* _Activity_
From the first line to the last, give the records again exactly and skip the pictures.

* _Records supplied_

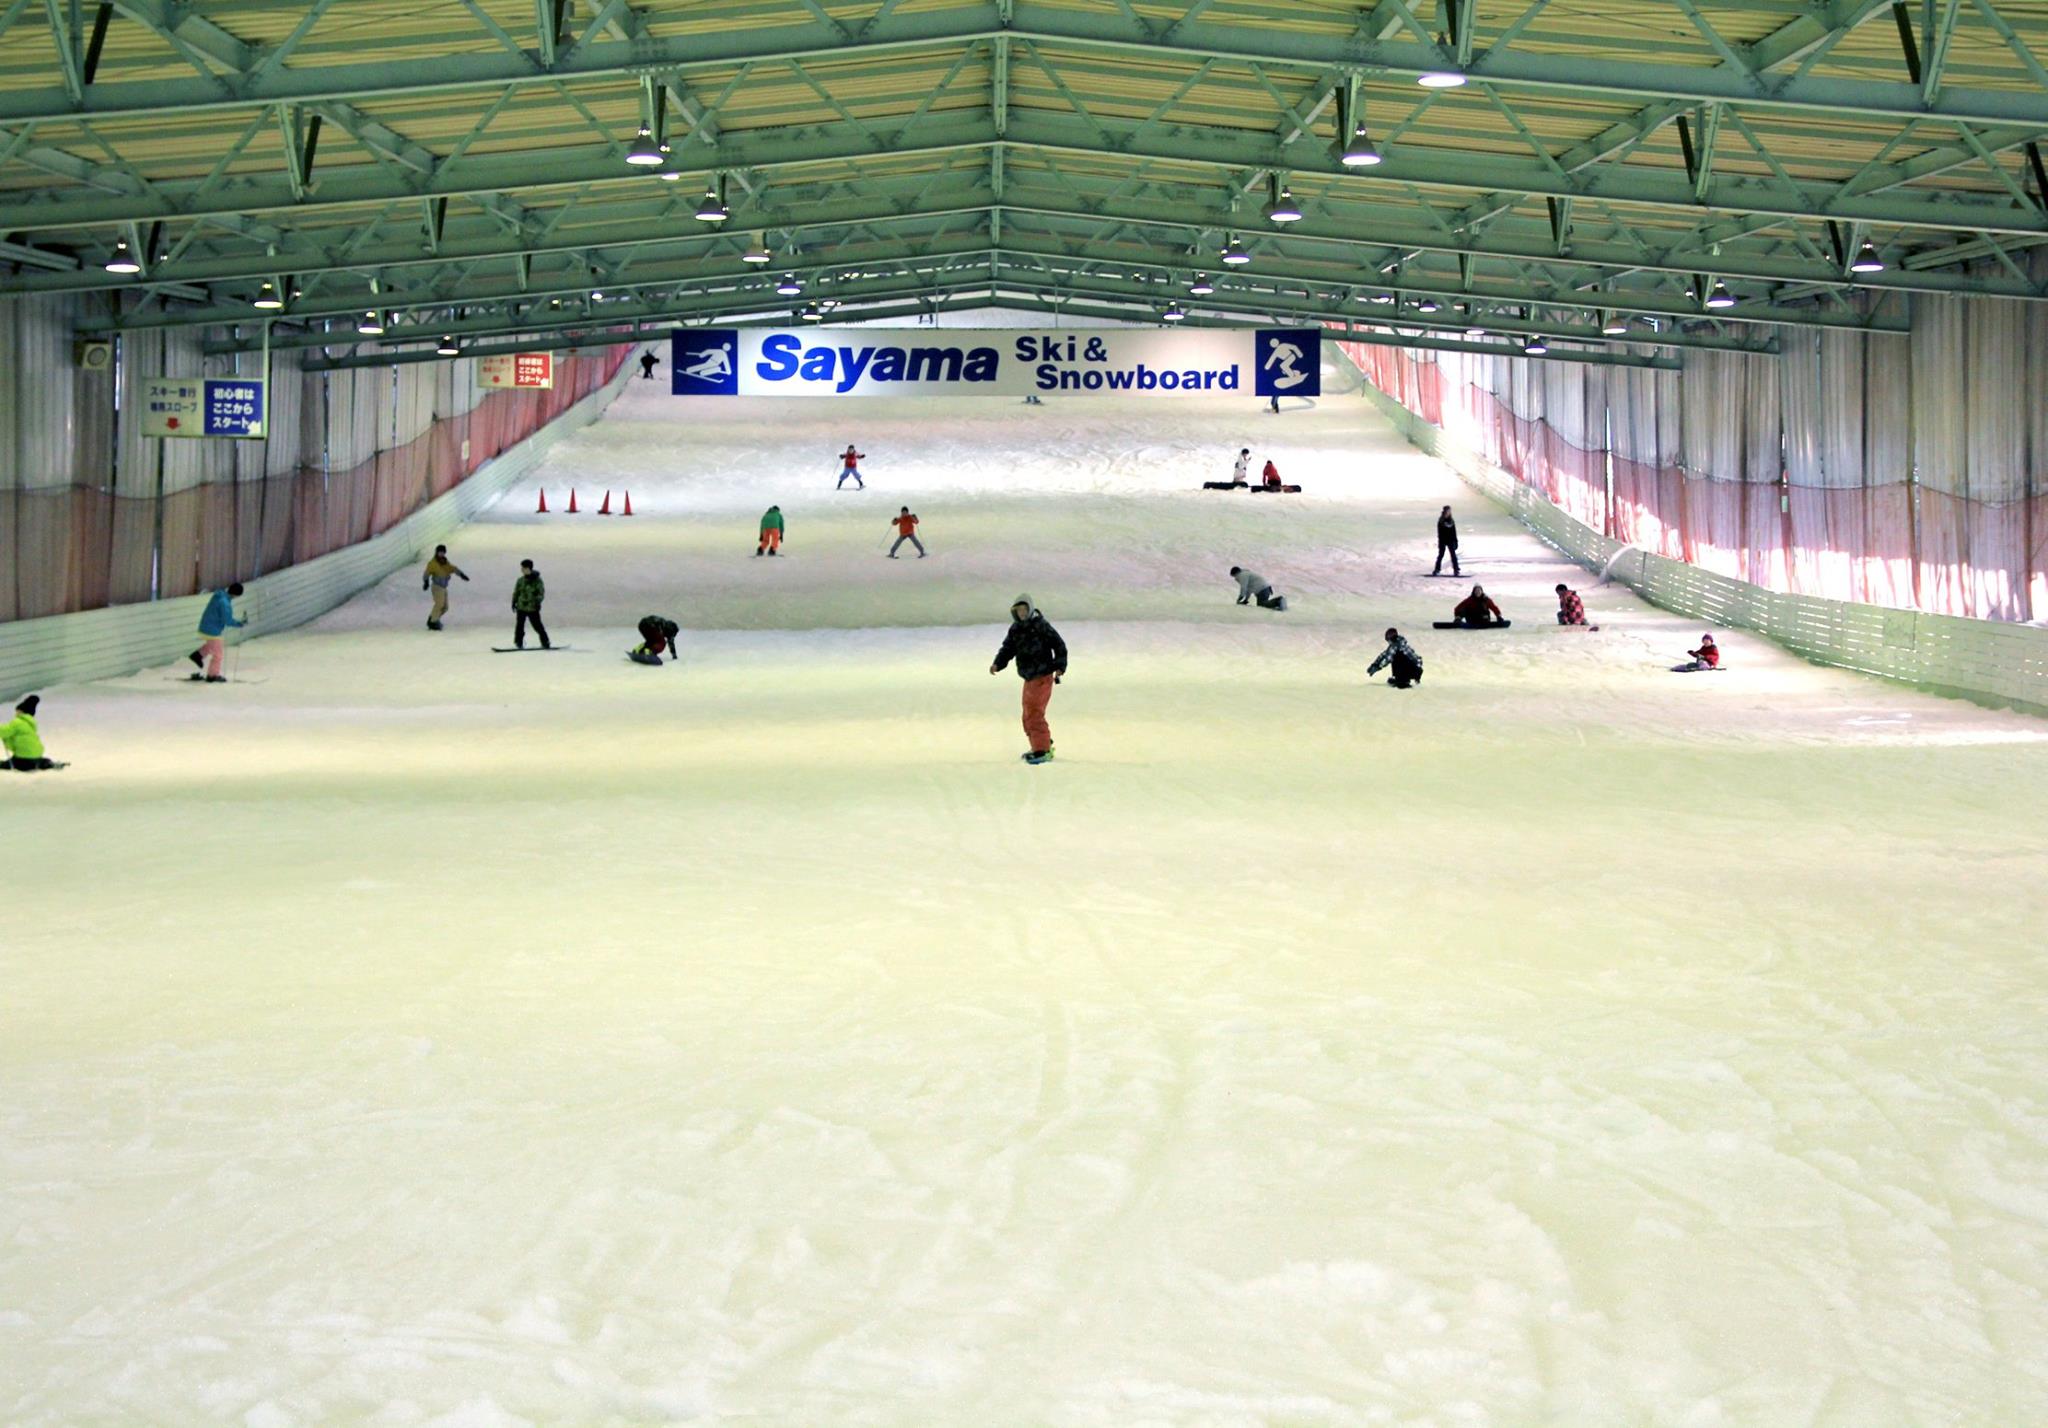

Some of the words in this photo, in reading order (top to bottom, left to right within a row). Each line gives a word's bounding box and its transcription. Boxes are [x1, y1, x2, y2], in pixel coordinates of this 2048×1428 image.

[1015, 335, 1076, 362] Ski
[1083, 337, 1107, 362] &
[756, 334, 999, 393] Sayama
[1035, 363, 1239, 390] Snowboard
[213, 402, 254, 415] ここから
[212, 416, 249, 429] スタート

* _Result_
Some of the words in this photo, in reading order (top to bottom, left to right within a row). Each line gives a word's bounding box and its transcription. Boxes are [x1, y1, x2, y2], in pixel coordinates of this 2048×1428 image.

[1015, 335, 1076, 362] Ski
[1083, 337, 1107, 362] &
[756, 334, 999, 393] Sayama
[1035, 363, 1239, 390] Snowboard
[213, 402, 254, 415] ここから
[212, 416, 249, 429] スタート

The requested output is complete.